SALT LAKE CITY — The U.S. Department of Justice is reviewing how Utah State University handles reports of sexual harassment and assault.
The federal probe comes amid a high-profile case alleging former USU football star Torrey Green sexually assaulted seven women, and another arguing the Logan college did little to protect a student from a fraternity member accused of assaulting five women before he raped her.
The department and the university declined to say why the justice department's Educational Opportunities Section took up the probe. It was opened in January, said USU spokesman Eric Warren.
"USU is cooperating fully with the review and welcomes the opportunity this will provide as we continue to improve our processes," Warren said in a statement.
He declined to give specifics. So did a spokeswoman for the Justice Department. She said the department has a policy of not talking about its investigations.

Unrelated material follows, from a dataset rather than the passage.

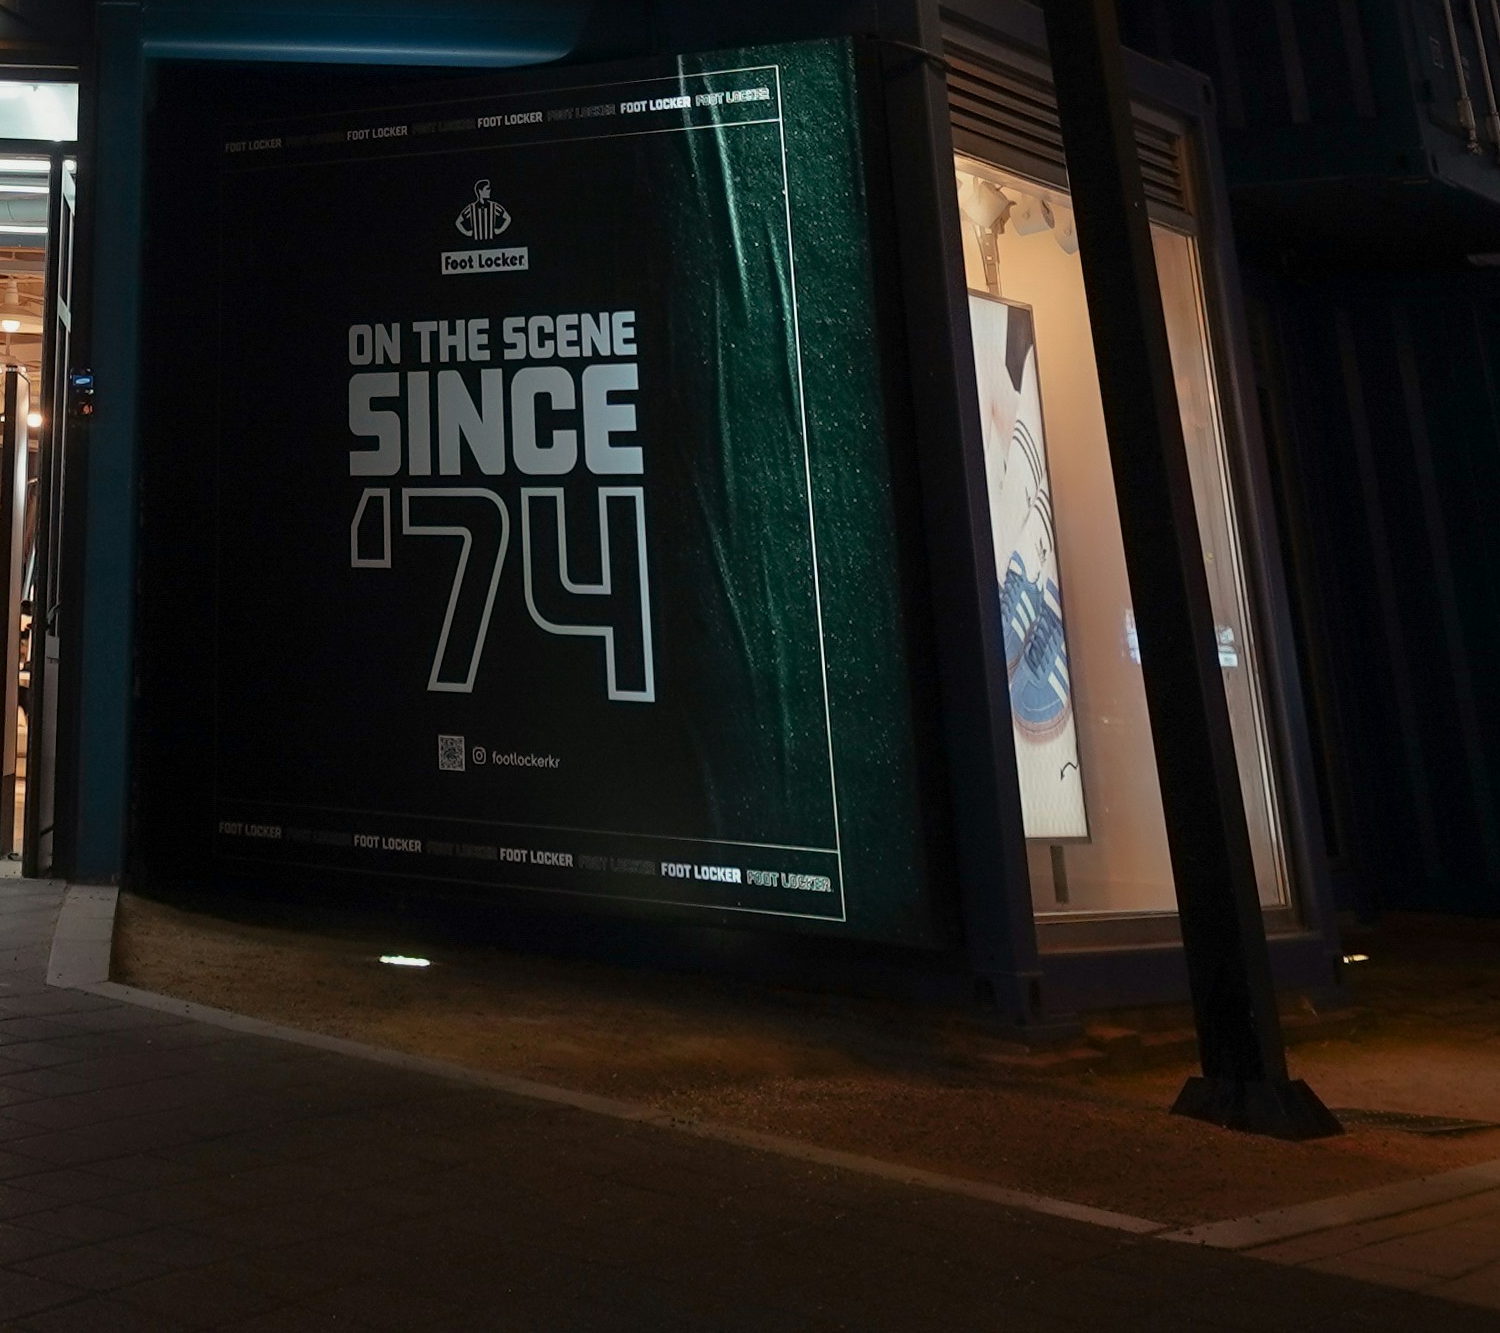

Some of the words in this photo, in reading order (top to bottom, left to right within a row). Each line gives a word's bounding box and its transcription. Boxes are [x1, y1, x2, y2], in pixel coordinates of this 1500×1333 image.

Broadly, the investigation seeks to determine whether the school of roughly 25,000 undergraduates is complying with Title IX, the federal law barring sex-based discrimination in schools.
Title IX law has provided a path of recourse in recent years for students who believe their colleges mishandled reports of sexual assault.
Title IX requires administrators to investigate the reports if students ask them to. It also puts colleges on the hook to provide resources such as counseling and academic help to those who come forward as victims.
USU is not the first Utah school to come under scrutiny related to Title IX. The civil rights arm of the U.S. Education Department has opened probes at five Utah schools. They are: University of Utah, Brigham Young University, Dixie State University, Westminster College and Utah Valley University.